Ciò che gli elettori si attendono oggi dai partiti e soprattutto una nuova leadership politica. Potrà essere Draghi se “scenderà” (e molti segnali suggeriscono che stia per farlo nell’arena politica). O potrà essere una nuova figura. Ci si aspetta comunque un nuovo leader capace di traghettare l’Italia fuori dalla crisi, come se fosse un nuovo Messia. Solo Renzi, negli ultimi anni aveva ottenuto un consenso siffatto, ma poi, come si sa, è stato sconfitto e defenestrato dal suo stesso partito di allora. Da questo punto di vista, la maggior parte dei partiti vive un momento di crisi profonda. La Lega che rimane la forza politica con più seguito virtuale vede tuttavia diminuire progressivamente i propri consensi e, specialmente, è dilaniata dei conflitti interni tra una linea più “di lotta” “salviniana”, molto popolare al sud e una più “di governo” “giorgettiana” e proDraghi, più attenta alle esigenze del tessuto di piccole aziende e del ceto medio, che trova più consensi al Nord. Mantenere un doppio standard di proposta politica è possibile (lo faceva correntemente la Dc e anche Berlusconi) ma molto complesso. La svolta pro Europa di Salvini è dovuta appunto alle pressioni della componente settentrionale del partito. Col risultato che parte di quella meridionale si è allontanata a favore di Fratelli d’Italia.

Anche il Pd appare diviso al suo interno tra le diverse correnti che, come si è visto anche nell’episodio della elezione dei presidenti dei gruppi parlamentari, lottano aspramente tra loro. E viene proprio in questi giorni fondata una nuova corrente, ad opera di Bettini. L’avvio della segreteria di Letta non ha esaltato gli elettori né provocato un’ascesa dei votanti nei sondaggi. Il nuovo segretario si è concentrato su tematiche come quella del voto ai sedicenni o dello ius soli, volutamente estranee al dibattito corrente e non è intervenuto sui temi strategici per il rilancio dell’economia, sui quali il suo partito è diviso. Ancora più caotica è la situazione del movimento 5S ove la capacità e la possibilità di Conte che pure resta uno dei leader più apprezzati nel nostro paese di rimettere in carreggiata il movimento (o il nuovo partito) rimane tutta da verificare. Resta il fatto che Conte è tuttora molto apprezzato dagli elettori pentastellati. Un sondaggio di questi giorni mostra come la maggioranza di questi ultimi rimpianga il suo governo.

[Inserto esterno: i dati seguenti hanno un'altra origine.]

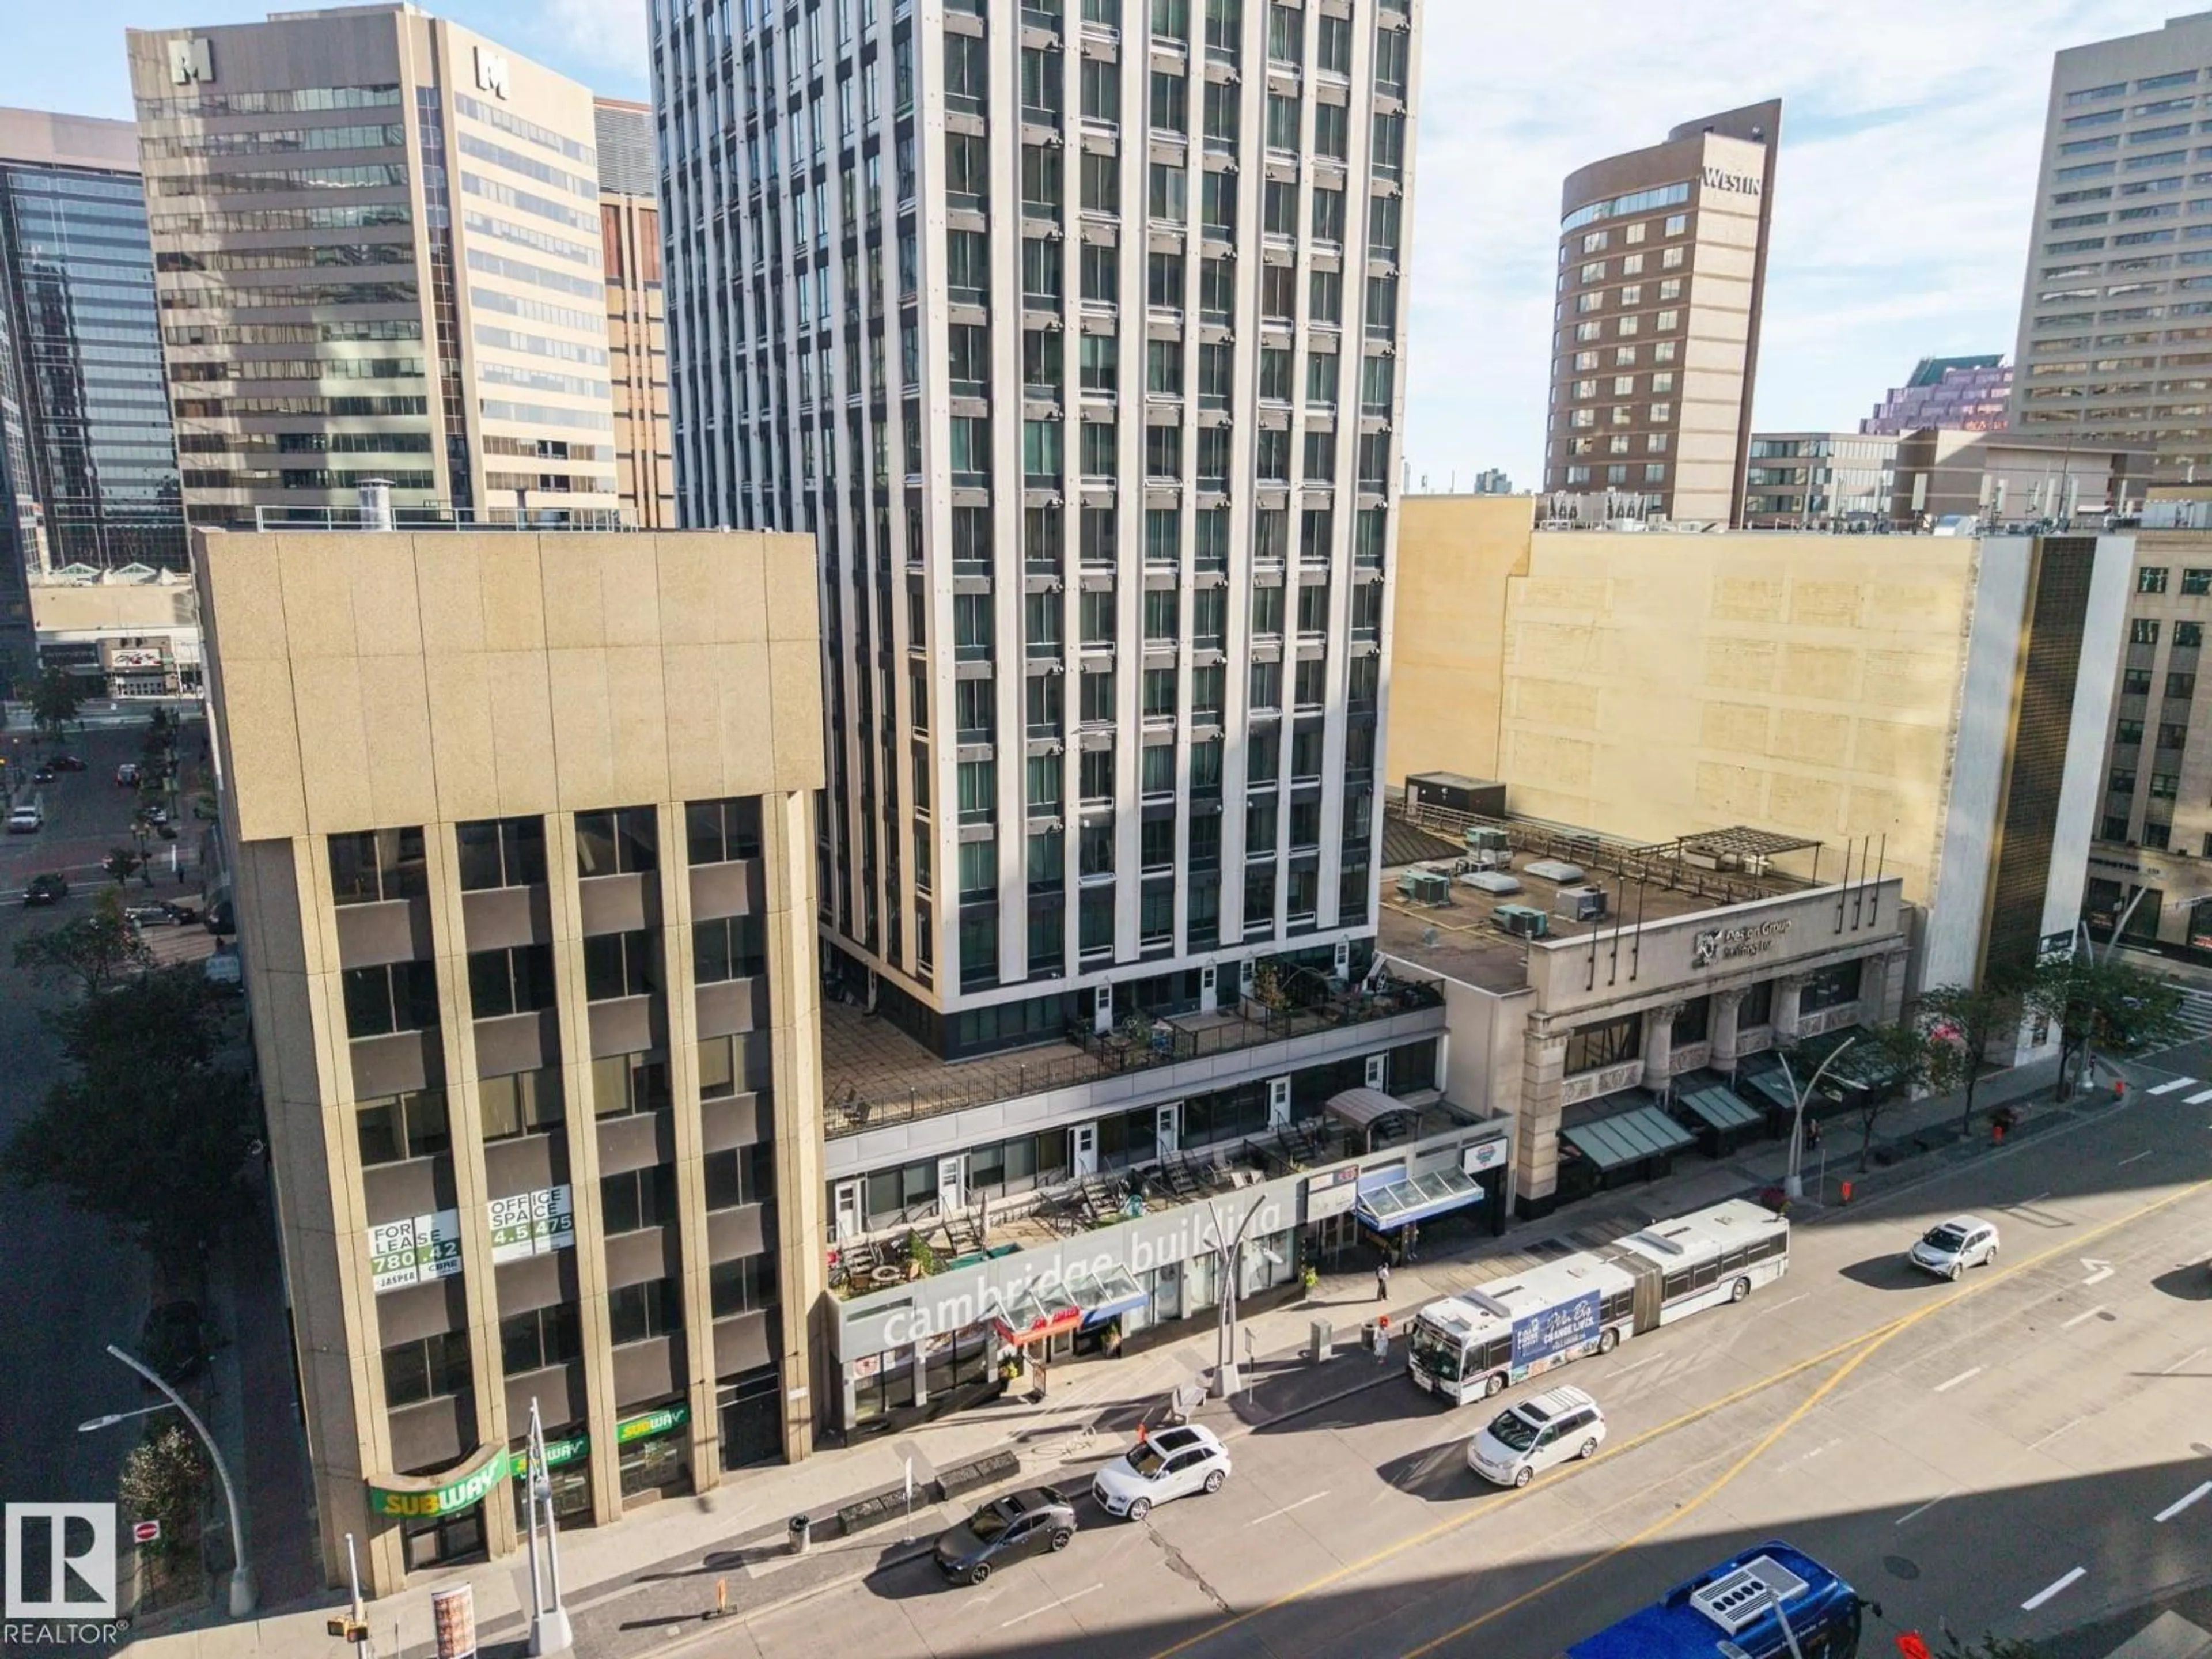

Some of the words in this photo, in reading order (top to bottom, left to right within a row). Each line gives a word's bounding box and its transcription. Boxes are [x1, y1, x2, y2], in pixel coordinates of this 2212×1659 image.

[168, 38, 213, 82] M
[476, 47, 509, 98] M
[1701, 166, 1762, 194] WESTIN
[491, 1188, 562, 1214] OFFICE
[493, 1203, 558, 1228] SPACE
[374, 1223, 411, 1241] FOR
[376, 1229, 441, 1255] LEASE
[884, 1251, 1120, 1347] cambridge
[1131, 1203, 1280, 1266] building
[621, 1410, 684, 1438] SUBWAY
[383, 1459, 499, 1515] SUBWAY

Forza Italia ha visto negli ultimi tempi una lieve crescita di consensi, grazie alla sua posizione moderata nel centro destra. Non riesce, tuttavia, per il momento, a decollare. Anche in questo caso occorrerebbe un leader giovane che affianchi Berlusconi nella gestione del partito. L’unica forza che in questo momento va a gonfie vele è Fratelli d’Italia. Grazie alla sua posizione di unica forza in contrapposizione al governo, il partito della Meloni riesce a raccogliere sia le posizioni critiche verso l’Europa che hanno abbandonato la Lega dopo la svolta pro Ue, sia tutte le voci di insoddisfazione nei confronti del governo di Draghi. È probabile che si assista nel futuro a un’ulteriore crescita dei consensi per questo partito.

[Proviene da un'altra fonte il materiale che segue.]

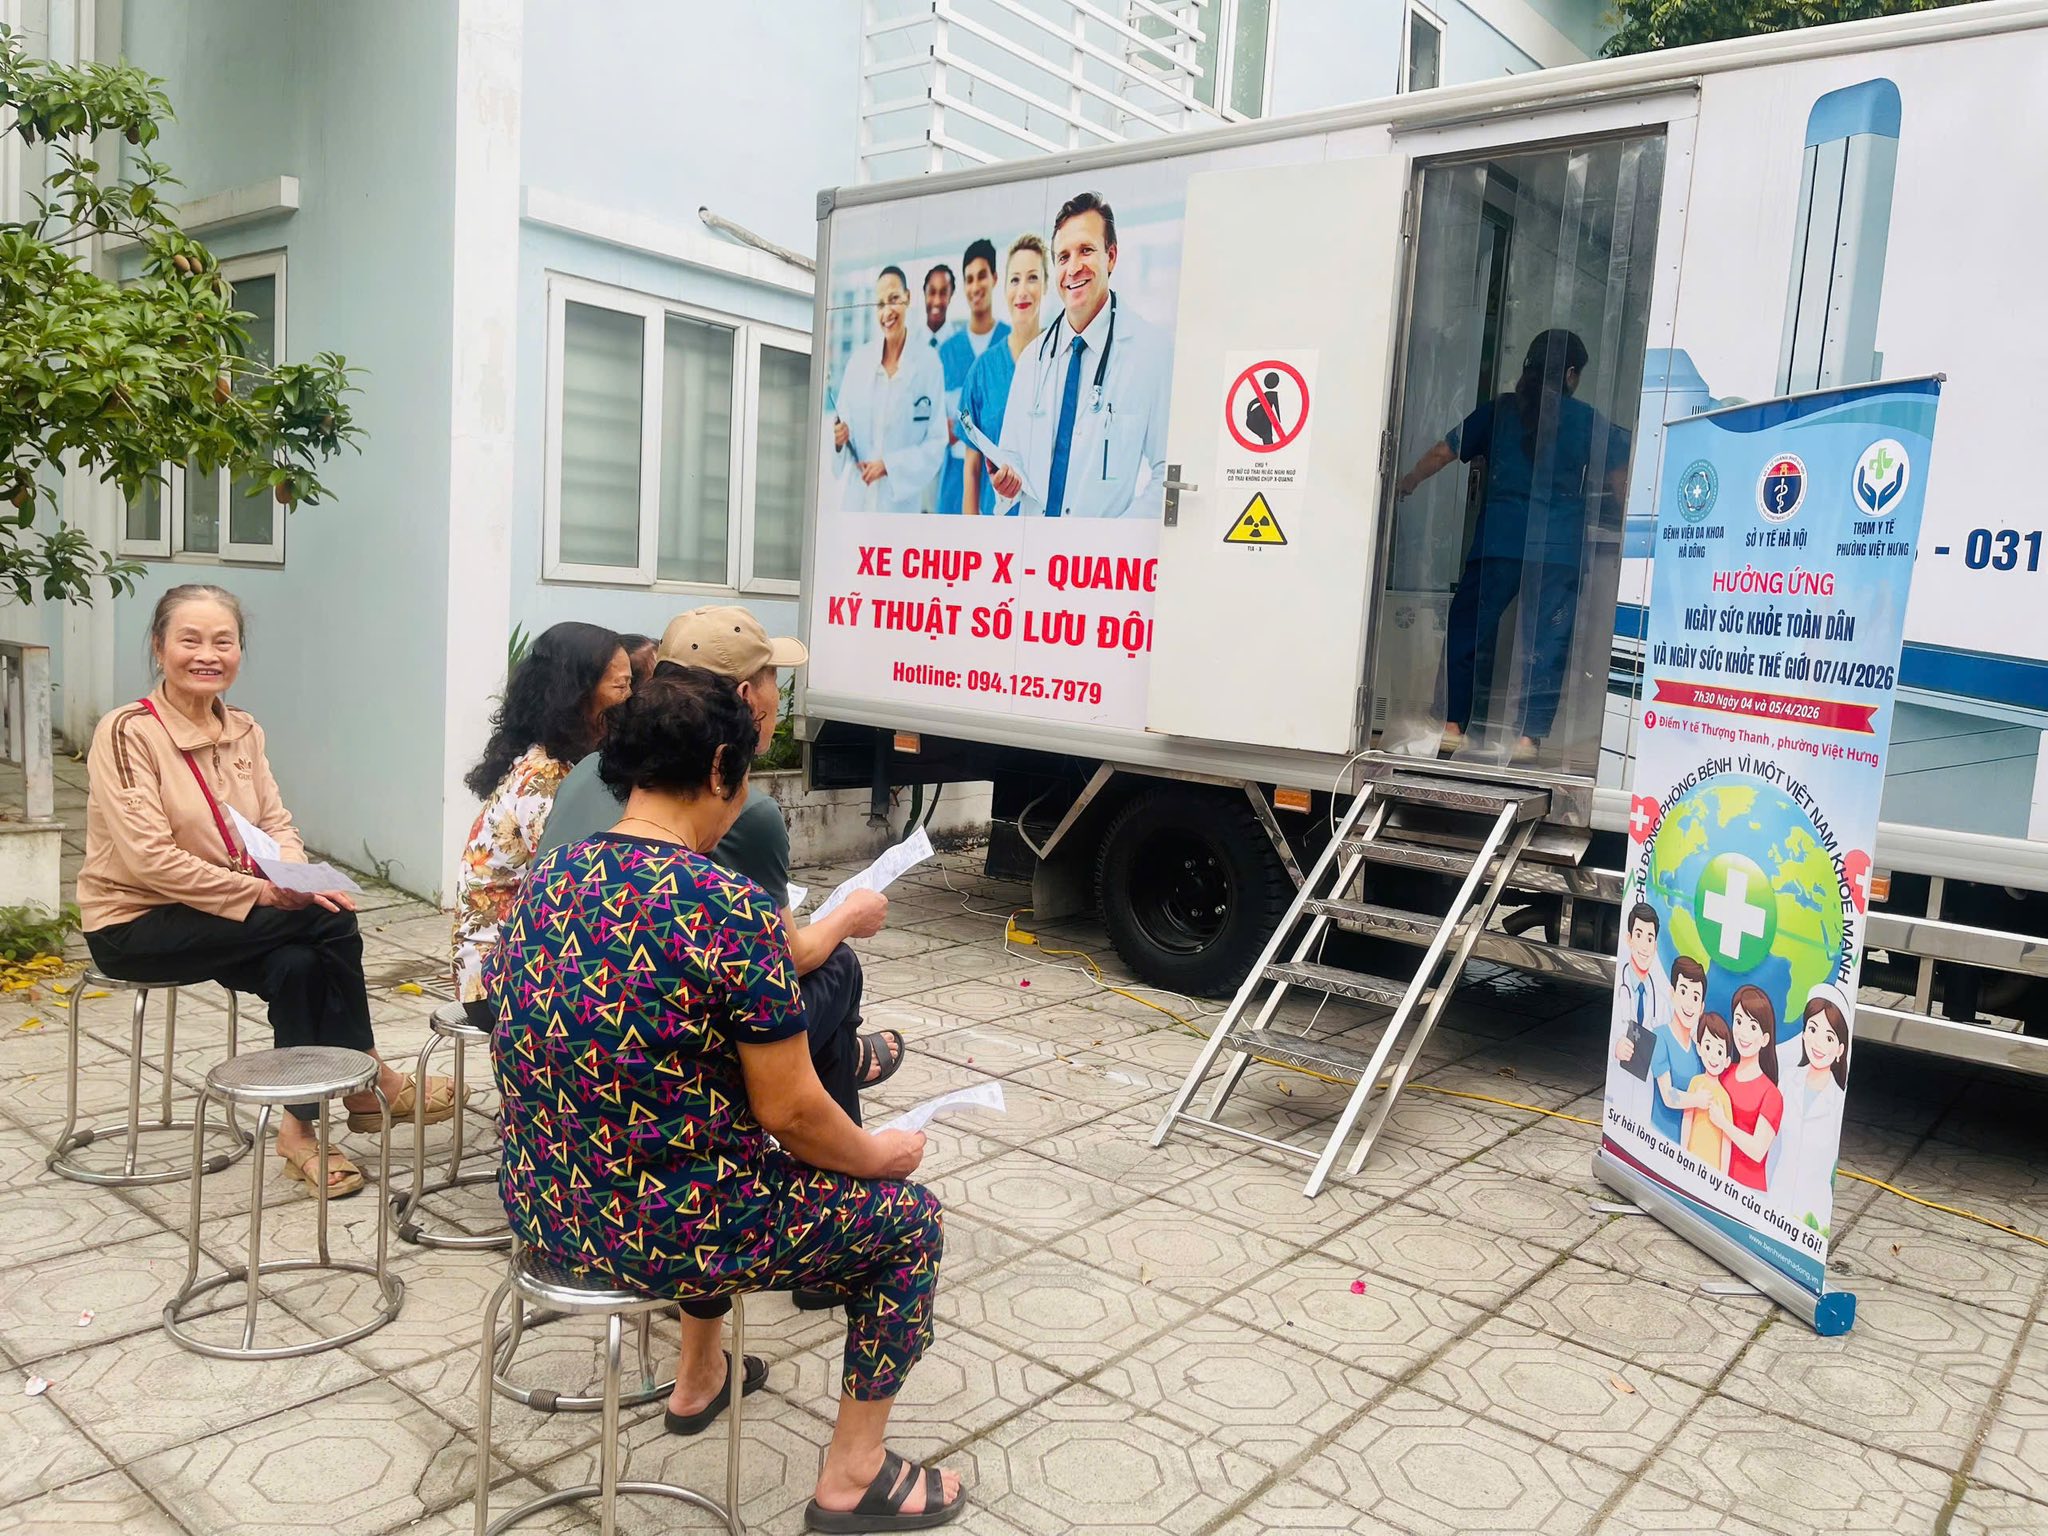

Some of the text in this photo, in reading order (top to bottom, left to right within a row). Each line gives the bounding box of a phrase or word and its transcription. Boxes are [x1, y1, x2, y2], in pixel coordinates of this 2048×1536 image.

Ma, come si è detto, gli elettori attendono soprattutto un nuovo leader. E si aspettano anche governi stabili che possano sfuggire ai continui conflitti tra partiti per le diverse poltrone e che possano portare il paese fuori dalla crisi. Tuttavia, un simile scenario potrà ragionevolmente verificarsi solo con un nuovo sistema elettorale. Possibilmente su due turni, come il politologo Roberto D’Alimonte propone da tempo. Ma è improbabile che i partiti possano e vogliano occuparsi in questo momento di riformare il nostro sistema di voto.